* [SUPPLIED DATA]
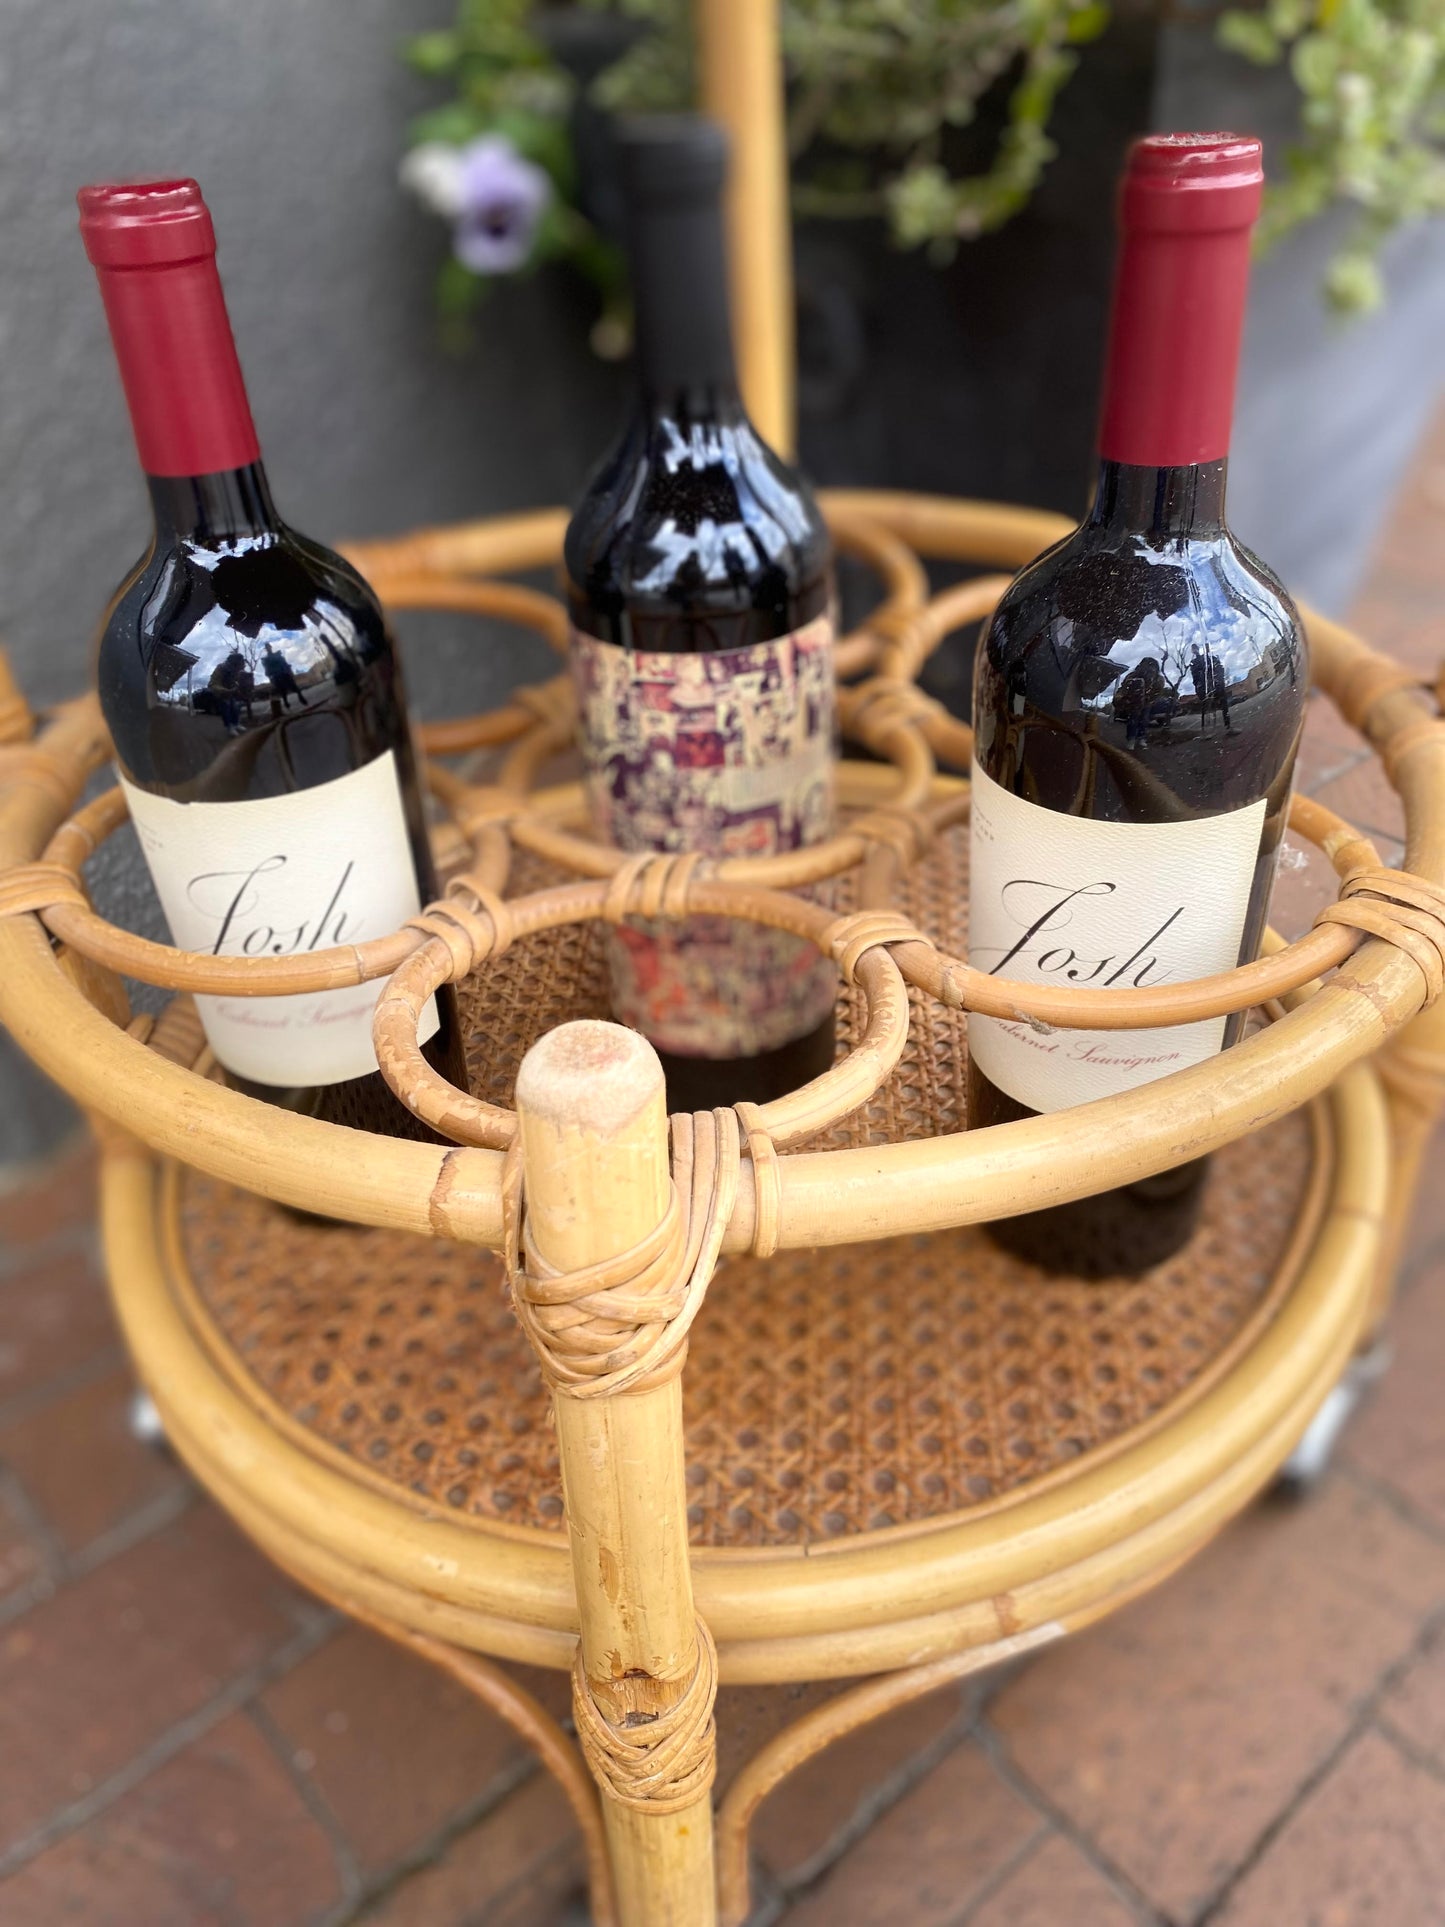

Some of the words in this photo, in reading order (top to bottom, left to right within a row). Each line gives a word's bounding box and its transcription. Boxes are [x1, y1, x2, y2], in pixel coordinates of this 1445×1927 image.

[187, 855, 365, 955] Josh
[971, 879, 1185, 988] Josh
[992, 1018, 1060, 1053] abernet
[1066, 1040, 1182, 1072] Sauvignon

* [TASK TO COMPLETE] Each line of the data above needs to be retyped as it is, without any picture.

* [OUTPUT OF THE TASK]
Some of the words in this photo, in reading order (top to bottom, left to right within a row). Each line gives a word's bounding box and its transcription. Boxes are [x1, y1, x2, y2], in pixel coordinates of this 1445×1927 image.

[187, 855, 365, 955] Josh
[971, 879, 1185, 988] Josh
[992, 1018, 1060, 1053] abernet
[1066, 1040, 1182, 1072] Sauvignon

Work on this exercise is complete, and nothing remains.